A. Steinhardt & Bro. v. United States
This text of 121 F. 442 (A. Steinhardt & Bro. v. United States) is published on Counsel Stack Legal Research, covering U.S. Circuit Court for the District of Southern New York primary law. Counsel Stack provides free access to over 12 million legal documents including statutes, case law, regulations, and constitutions.
Opinion
Paragraph 339 of the tariff act of July 24, 1897 (30 Stat. 181 [U. S. Comp. St. 1901, p. 1662]), places a duty of 60 per cent, ad valorem on “embroideries and all trimmings, including braids, edgings, insertings, flouncings, galloons, gorings, [443]*443and bands,” “composed wholly or in chief value of cotton flax or other vegetable fiber,” not otherwise provided for, and paragraph 320 (30 Stat. 179 [U. S. Comp. St. 1901, p. 1661]) for one of 45 per cent, on “bandings, beltings, bindings, bonecasings, cords, garters, lining for bicycle tires, ribbons, suspenders and braces, tapes, tubings and webs or webbing,” made of cotton or other vegetable fiber.

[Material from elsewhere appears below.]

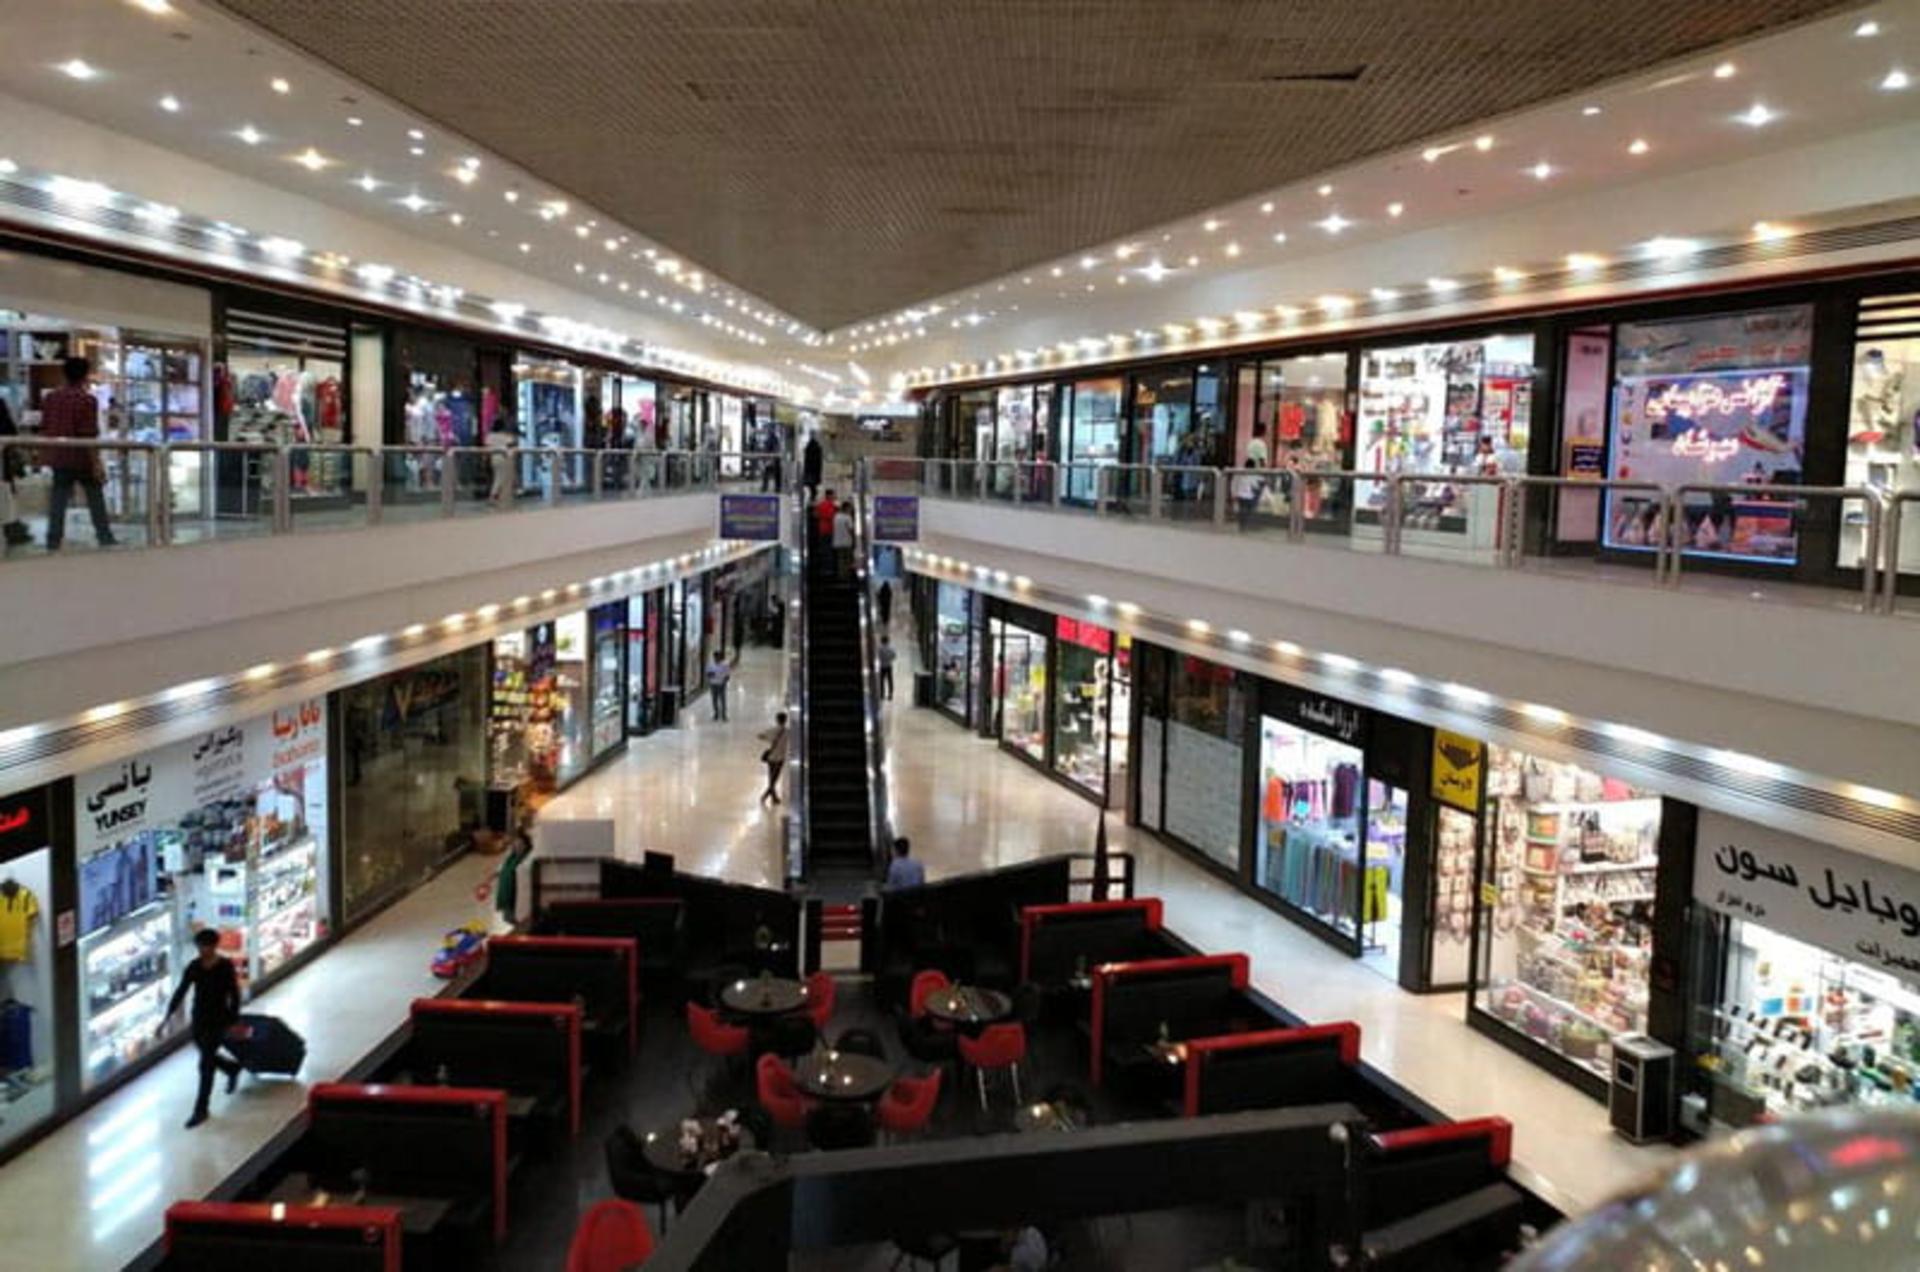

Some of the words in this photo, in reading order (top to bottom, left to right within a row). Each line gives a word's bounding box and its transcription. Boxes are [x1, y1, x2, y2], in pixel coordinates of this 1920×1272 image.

[94, 798, 147, 832] YUNSEY
[1714, 845, 1799, 887] سون
[1808, 868, 1920, 937] وبایل
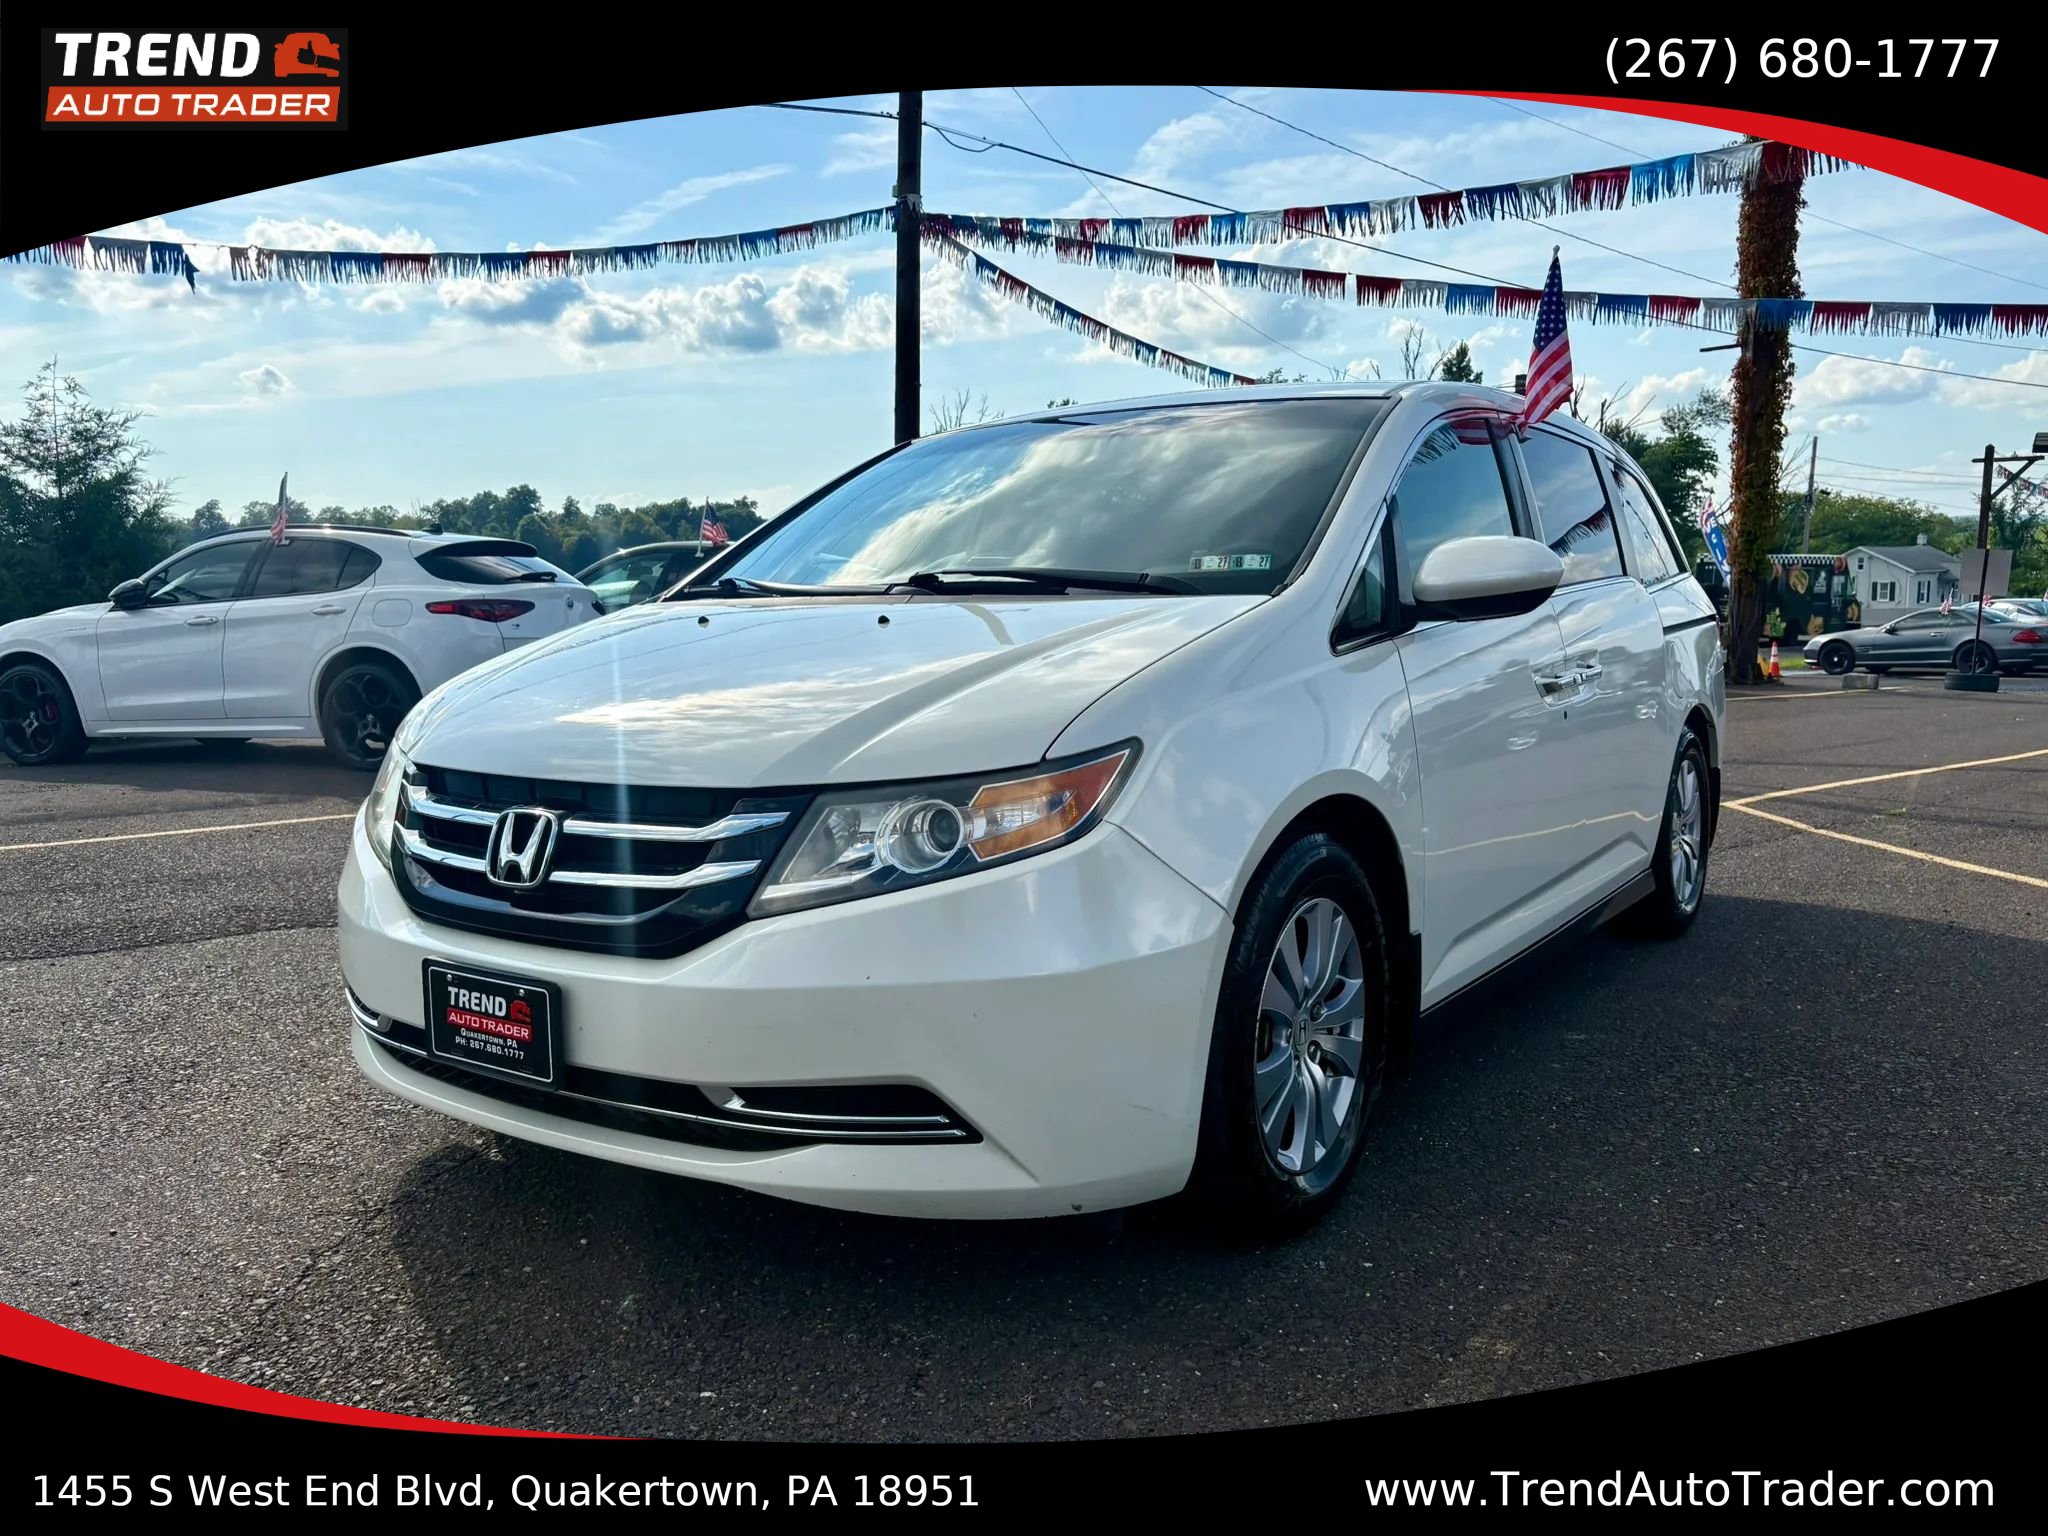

The articles in question appear to be narrow woven tapes of cotton used largely for covering the seams of underwear and waists. The Standard Dictionary gives one definition of a “braid” as “a narrow, flat tape or woven strip for binding the edges of fabrics, or for ornamenting them.” If these articles are braids within this or a like definition, they are also bindings or tapes within paragraph 320, and, being provided for there, are otherwise provided for than in 339. In Hiller v. U. S., 106 Fed. 73, 45 C. C. A. 229, cited, the articles were shoe laces, which were distinctively braids, and the question here was not involved.
Decision reversed.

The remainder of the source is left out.